- **Task requirements**: Transcribe the listing below exactly, leaving out each image.

- **Dataset**:
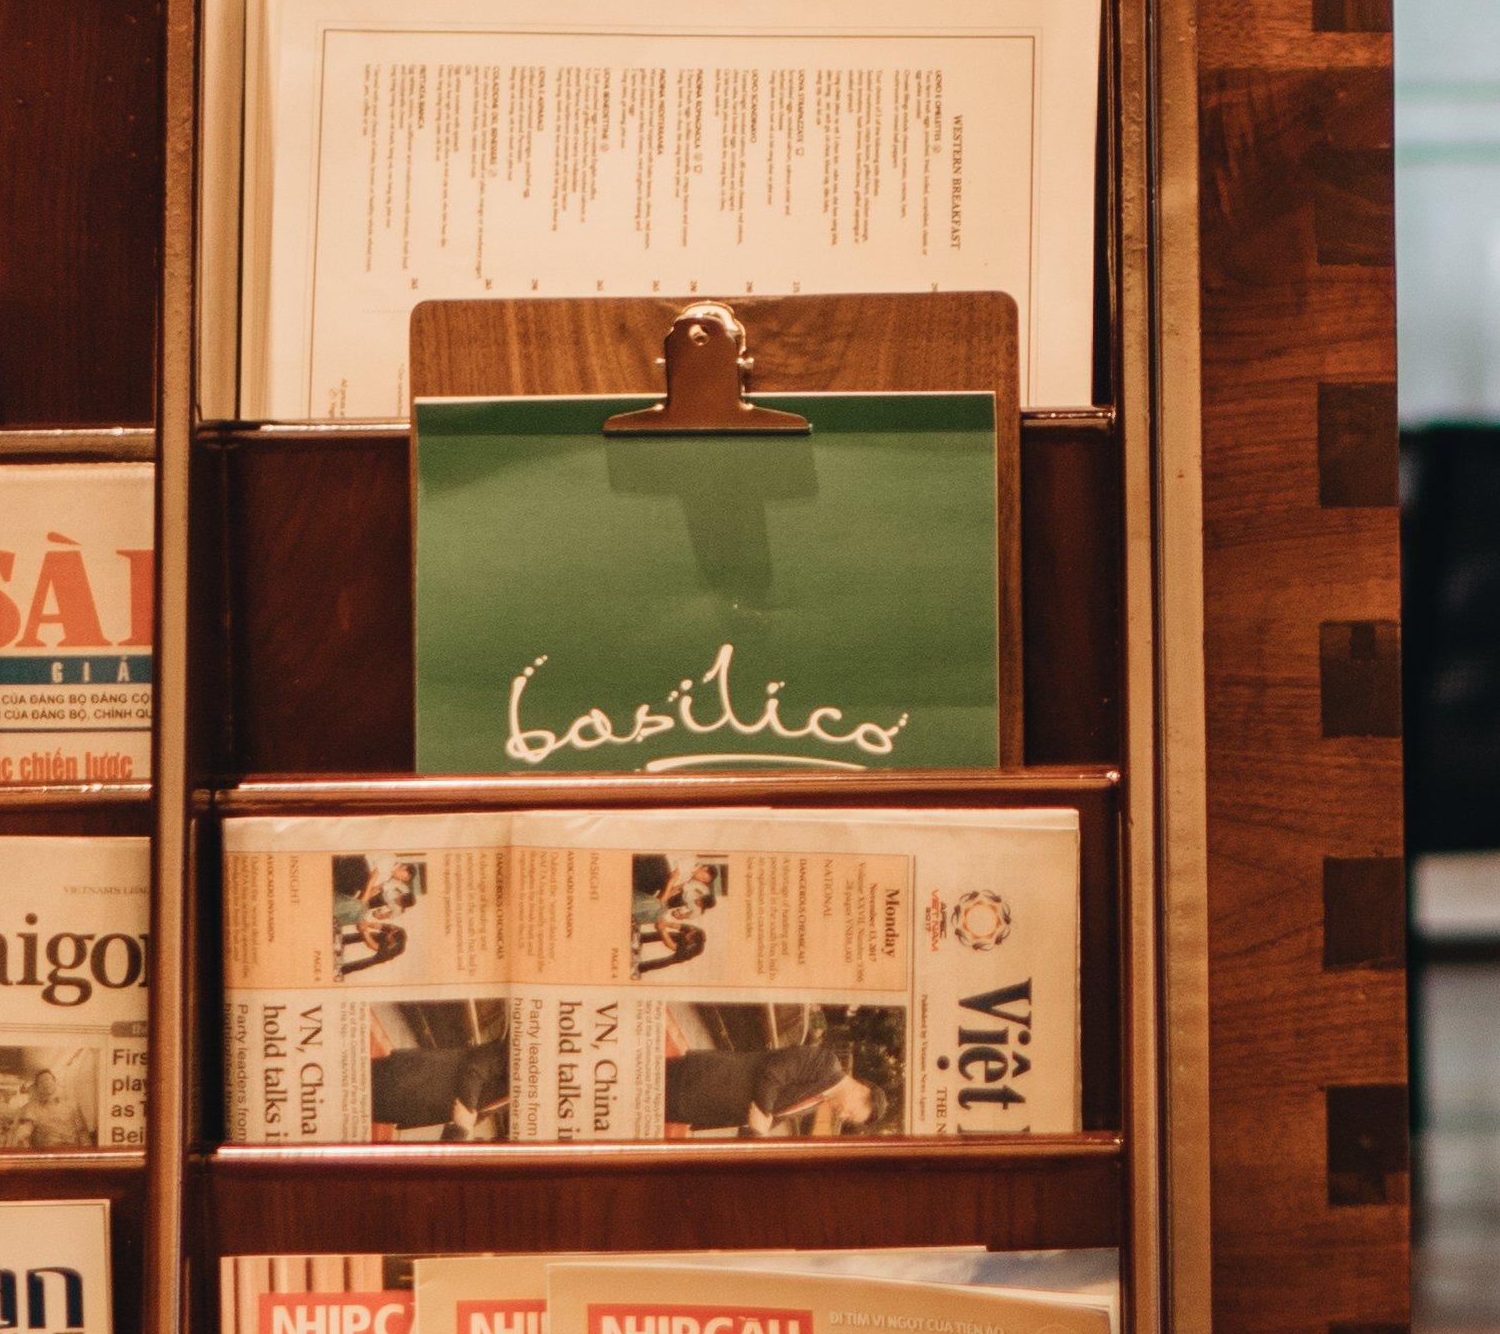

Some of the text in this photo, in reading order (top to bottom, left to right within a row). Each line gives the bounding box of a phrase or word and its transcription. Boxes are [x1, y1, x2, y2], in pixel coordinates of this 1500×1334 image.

[949, 115, 964, 249] WESTERN BREAKFAST
[505, 643, 909, 763] basilico
[289, 855, 300, 906] INSIGHT
[589, 852, 599, 902] INSIGHT
[823, 859, 834, 919] NATIONAL
[881, 888, 901, 958] Monday
[235, 1003, 249, 1141] Party leaders from
[263, 1004, 288, 1122] hold talks
[296, 1005, 324, 1135] VN, China
[527, 999, 543, 1136] Party leaders from
[558, 1000, 581, 1119] hold talks
[593, 1001, 620, 1132] VN, China
[936, 1088, 948, 1118] THE
[937, 977, 1032, 1110] Việt
[111, 1103, 135, 1118] as

- **Task answer**:
Some of the text in this photo, in reading order (top to bottom, left to right within a row). Each line gives the bounding box of a phrase or word and its transcription. Boxes are [x1, y1, x2, y2], in pixel coordinates of this 1500×1334 image.

[949, 115, 964, 249] WESTERN BREAKFAST
[505, 643, 909, 763] basilico
[289, 855, 300, 906] INSIGHT
[589, 852, 599, 902] INSIGHT
[823, 859, 834, 919] NATIONAL
[881, 888, 901, 958] Monday
[235, 1003, 249, 1141] Party leaders from
[263, 1004, 288, 1122] hold talks
[296, 1005, 324, 1135] VN, China
[527, 999, 543, 1136] Party leaders from
[558, 1000, 581, 1119] hold talks
[593, 1001, 620, 1132] VN, China
[936, 1088, 948, 1118] THE
[937, 977, 1032, 1110] Việt
[111, 1103, 135, 1118] as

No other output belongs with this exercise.